= Keffa Zone =

Zone in the South West Region of Ethiopia

Keffa or Kaffa is a zone in the South West Region of Ethiopia. The administrative center is Bonga.

==History==

The Zone is named after the Kingdom of Kaffa. Kaffa was part of the Southern Nations, Nationalities, and Peoples' Region (SNNPR) until 2021 when a referendum was held. The result was to create a new region called the South West Ethiopia Peoples' Region and comprised the Kaffa Zone and five other nearby administrative areas of the SNNPR.

== Demographics ==
Based on the 2007 Census conducted by the CSA, this Zone has a total population of 2,151,716, of whom 1411,778 are men and 739,938 women; 152,036 or 7.44% are urban inhabitants. The four largest ethnic groups reported in this Zone were the Kafecho (82.72%), the Bench (5.05%), the Amhara (3.67%), and the Oromo (3.5%); all other ethnic groups made up 5.09% of the population. Kafa is spoken as a first language by 82.49%, 4.18% speak Amharic, 5.13% Bench, and 3.43% speak Oromiffa; the remaining 4.77% spoke all other primary languages reported. 61.42% of the population said they practiced Ethiopian Orthodox Christianity, 24.84% were Protestants, 6.2% were Muslim, 5.37% practiced traditional beliefs, and 1.73% embraced Catholicism.

==Economy and environment==
Southern Ethiopia, including Sidamo, Kaffa, Arsi and Harar is the original home of coffee which grows wild here in the mountain rain forests in countless varieties. All plants of the species Coffea arabica around the world are descendants of plants from southern Ethiopia. The word coffee is coined after the zone.
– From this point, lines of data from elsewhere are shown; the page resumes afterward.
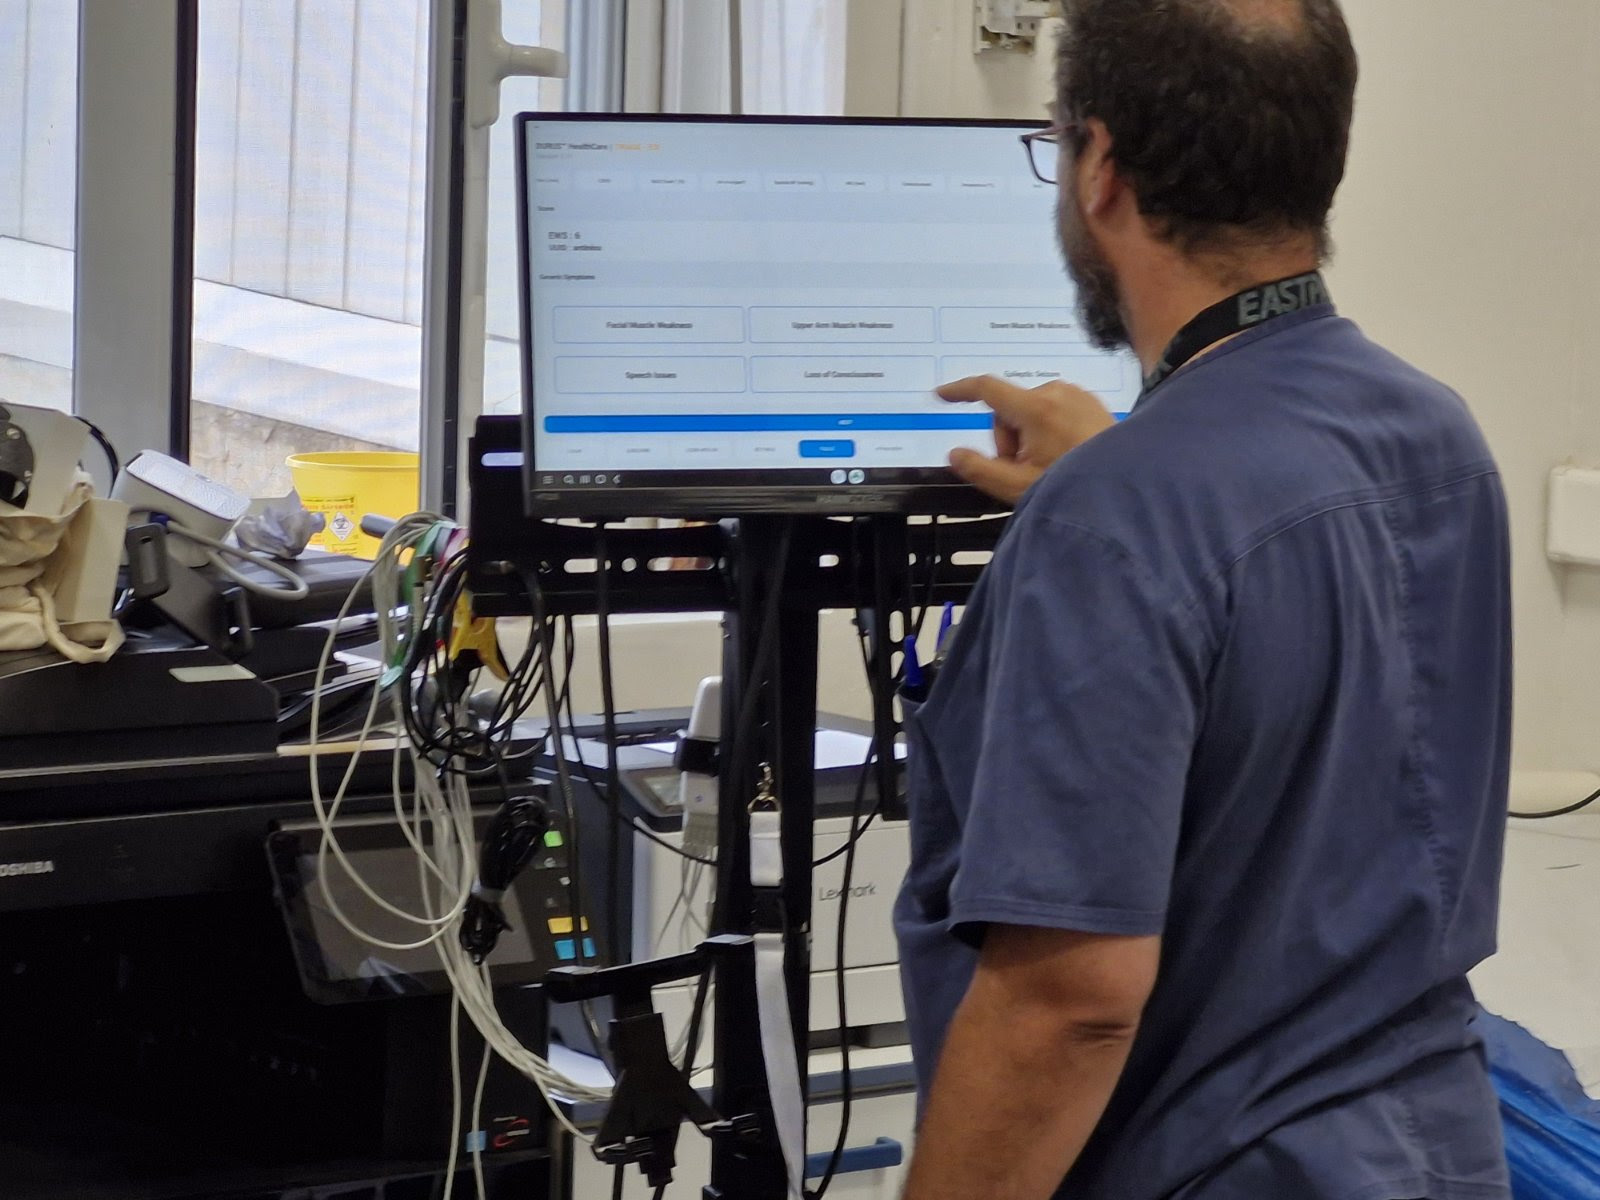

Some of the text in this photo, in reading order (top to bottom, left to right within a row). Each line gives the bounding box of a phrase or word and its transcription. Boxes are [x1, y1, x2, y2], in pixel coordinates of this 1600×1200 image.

[630, 321, 655, 329] Muscle
[657, 321, 693, 329] Weakness
[791, 321, 814, 331] Upper
[832, 321, 857, 329] Muscle
[859, 321, 894, 329] Weakness
[625, 370, 652, 379] Speech
[804, 370, 821, 378] Loss
Coffee has long been the main source of income, but due to the sharply declining world prices for coffee, the residents increasingly have to grow other crops. By turning rain forests into new agricultural land, the structure of the region is heavily damaged.

The rain forests that dominated the region of Kaffa earlier are reduced to only 3% of their original size, in the last 30 years 60% of the trees were lost.
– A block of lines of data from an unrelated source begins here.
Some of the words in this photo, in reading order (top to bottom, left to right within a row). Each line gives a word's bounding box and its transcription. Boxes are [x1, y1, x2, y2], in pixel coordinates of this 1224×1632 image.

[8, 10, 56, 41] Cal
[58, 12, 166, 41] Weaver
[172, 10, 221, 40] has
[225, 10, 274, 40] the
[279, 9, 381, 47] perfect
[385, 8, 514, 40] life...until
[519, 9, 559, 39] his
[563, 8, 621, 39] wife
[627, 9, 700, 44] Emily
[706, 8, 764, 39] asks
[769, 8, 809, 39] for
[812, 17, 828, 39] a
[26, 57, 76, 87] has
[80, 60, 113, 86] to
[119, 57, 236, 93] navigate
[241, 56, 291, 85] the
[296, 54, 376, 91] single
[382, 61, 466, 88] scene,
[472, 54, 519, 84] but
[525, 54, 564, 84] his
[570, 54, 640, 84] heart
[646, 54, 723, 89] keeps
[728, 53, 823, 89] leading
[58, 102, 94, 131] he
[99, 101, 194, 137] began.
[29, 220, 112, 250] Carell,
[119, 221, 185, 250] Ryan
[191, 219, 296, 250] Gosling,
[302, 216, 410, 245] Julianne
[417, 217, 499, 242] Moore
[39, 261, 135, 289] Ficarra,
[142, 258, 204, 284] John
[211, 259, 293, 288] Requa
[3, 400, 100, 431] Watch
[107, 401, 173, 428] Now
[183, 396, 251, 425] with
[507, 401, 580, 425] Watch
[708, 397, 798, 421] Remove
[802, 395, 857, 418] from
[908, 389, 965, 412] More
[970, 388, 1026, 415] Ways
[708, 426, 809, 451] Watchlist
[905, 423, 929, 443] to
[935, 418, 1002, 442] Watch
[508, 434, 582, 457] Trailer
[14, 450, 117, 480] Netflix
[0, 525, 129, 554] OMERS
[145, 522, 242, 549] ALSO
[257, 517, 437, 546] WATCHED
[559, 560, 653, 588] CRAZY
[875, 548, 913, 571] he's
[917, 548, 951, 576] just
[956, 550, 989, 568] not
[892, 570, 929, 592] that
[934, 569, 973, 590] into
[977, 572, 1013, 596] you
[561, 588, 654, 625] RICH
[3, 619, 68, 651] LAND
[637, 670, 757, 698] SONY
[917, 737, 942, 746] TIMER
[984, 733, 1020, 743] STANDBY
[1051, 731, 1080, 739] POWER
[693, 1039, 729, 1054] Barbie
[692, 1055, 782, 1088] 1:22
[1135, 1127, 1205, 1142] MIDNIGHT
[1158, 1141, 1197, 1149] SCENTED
For some years there is a large rain forest conservation project, which relies on the use of the last wild stocks of coffee growing in the rain forest. Currently, some 30 cooperatives are harvesting and marketing this specialty coffee and have helped over 40,000 people to get income.
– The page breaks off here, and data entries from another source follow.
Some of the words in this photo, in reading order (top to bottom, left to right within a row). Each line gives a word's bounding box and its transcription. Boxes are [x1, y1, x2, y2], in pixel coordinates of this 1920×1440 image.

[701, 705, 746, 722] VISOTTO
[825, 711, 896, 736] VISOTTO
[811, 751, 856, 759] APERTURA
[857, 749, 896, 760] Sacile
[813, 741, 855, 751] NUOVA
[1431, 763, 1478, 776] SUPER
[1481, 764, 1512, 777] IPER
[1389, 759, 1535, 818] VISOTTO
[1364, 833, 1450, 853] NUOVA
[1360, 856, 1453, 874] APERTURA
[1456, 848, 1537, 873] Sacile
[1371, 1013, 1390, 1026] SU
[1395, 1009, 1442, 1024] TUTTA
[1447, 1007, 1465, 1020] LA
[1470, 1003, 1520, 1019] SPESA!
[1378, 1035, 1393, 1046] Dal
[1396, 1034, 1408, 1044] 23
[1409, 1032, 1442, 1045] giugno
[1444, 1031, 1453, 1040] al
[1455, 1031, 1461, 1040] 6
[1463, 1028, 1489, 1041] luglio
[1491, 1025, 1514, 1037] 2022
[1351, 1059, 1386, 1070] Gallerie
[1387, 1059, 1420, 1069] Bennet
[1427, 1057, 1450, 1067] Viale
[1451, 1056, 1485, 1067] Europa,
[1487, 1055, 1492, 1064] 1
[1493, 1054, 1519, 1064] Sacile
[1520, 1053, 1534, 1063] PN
In 2010, an area within the Kaffa province was recognised as a UNESCO Biosphere Reserve as part of the Man and the Biosphere Programme. Officially named the "Kafa Biosphere Reserve" it is one of the first two biosphere reserves in Ethiopia and aims to protect the natural environment and foster sustainable development in the region. Lions were photographed in the reserve in 2012, the first documenting of that species in montane rainforest.

== Woredas ==

Woredas and City administrations in Kaffa Zone
| Number | Woredas | Seat |
|---|---|---|
| 1 | Adiyo | Kaka |
| 2 | Bita district | Bita Genet |
| 3 | Chena | Wacha* |
| 4 | Cheta | Shama |
| 5 | Decha | Awurada* |
| 6 | Gesha | Daka* |
| 7 | Gewata | Qonda |
| 8 | Ginbo | Ufa |
| 9 | Goba | Uda Dish |
| 10 | Menjiwo | Adiya Kaka |
| 11 | Sayilem | Yadota |
| 12 | Shisho Ende | Shishinda* |
| 13 | Telo | Oda |

- Town administrations, which are considered as Woreda for all administrative purposes. Bonga which is administrative capital of the zone and Southwest Ethiopia Regional State is also one of town administration in this Zone.